## Description of the task
Restate the records in full, so that each line matches the original exactly.
============================================================
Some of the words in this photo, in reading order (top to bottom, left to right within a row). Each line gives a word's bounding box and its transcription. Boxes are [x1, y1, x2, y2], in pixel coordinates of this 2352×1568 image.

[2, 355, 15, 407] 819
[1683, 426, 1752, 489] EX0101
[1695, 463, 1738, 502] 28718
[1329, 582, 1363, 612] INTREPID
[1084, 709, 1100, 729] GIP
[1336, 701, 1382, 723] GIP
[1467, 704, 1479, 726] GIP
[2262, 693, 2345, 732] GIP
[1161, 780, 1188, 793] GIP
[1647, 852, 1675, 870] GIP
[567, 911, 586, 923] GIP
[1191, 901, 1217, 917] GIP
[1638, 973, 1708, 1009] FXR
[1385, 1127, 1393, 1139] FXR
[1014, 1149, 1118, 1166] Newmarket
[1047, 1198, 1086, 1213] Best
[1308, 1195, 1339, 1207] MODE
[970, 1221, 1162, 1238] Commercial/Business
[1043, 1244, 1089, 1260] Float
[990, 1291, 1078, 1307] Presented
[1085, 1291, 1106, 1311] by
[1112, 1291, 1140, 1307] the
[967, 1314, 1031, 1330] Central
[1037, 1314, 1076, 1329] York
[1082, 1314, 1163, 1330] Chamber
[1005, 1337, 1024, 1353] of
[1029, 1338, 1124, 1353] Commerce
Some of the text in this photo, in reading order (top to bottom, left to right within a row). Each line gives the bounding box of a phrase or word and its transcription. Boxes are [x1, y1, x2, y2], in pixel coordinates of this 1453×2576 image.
============================================================
## Task solution
Some of the words in this photo, in reading order (top to bottom, left to right within a row). Each line gives a word's bounding box and its transcription. Boxes are [x1, y1, x2, y2], in pixel coordinates of this 2352×1568 image.

[2, 355, 15, 407] 819
[1683, 426, 1752, 489] EX0101
[1695, 463, 1738, 502] 28718
[1329, 582, 1363, 612] INTREPID
[1084, 709, 1100, 729] GIP
[1336, 701, 1382, 723] GIP
[1467, 704, 1479, 726] GIP
[2262, 693, 2345, 732] GIP
[1161, 780, 1188, 793] GIP
[1647, 852, 1675, 870] GIP
[567, 911, 586, 923] GIP
[1191, 901, 1217, 917] GIP
[1638, 973, 1708, 1009] FXR
[1385, 1127, 1393, 1139] FXR
[1014, 1149, 1118, 1166] Newmarket
[1047, 1198, 1086, 1213] Best
[1308, 1195, 1339, 1207] MODE
[970, 1221, 1162, 1238] Commercial/Business
[1043, 1244, 1089, 1260] Float
[990, 1291, 1078, 1307] Presented
[1085, 1291, 1106, 1311] by
[1112, 1291, 1140, 1307] the
[967, 1314, 1031, 1330] Central
[1037, 1314, 1076, 1329] York
[1082, 1314, 1163, 1330] Chamber
[1005, 1337, 1024, 1353] of
[1029, 1338, 1124, 1353] Commerce
Some of the text in this photo, in reading order (top to bottom, left to right within a row). Each line gives the bounding box of a phrase or word and its transcription. Boxes are [x1, y1, x2, y2], in pixel coordinates of this 1453×2576 image.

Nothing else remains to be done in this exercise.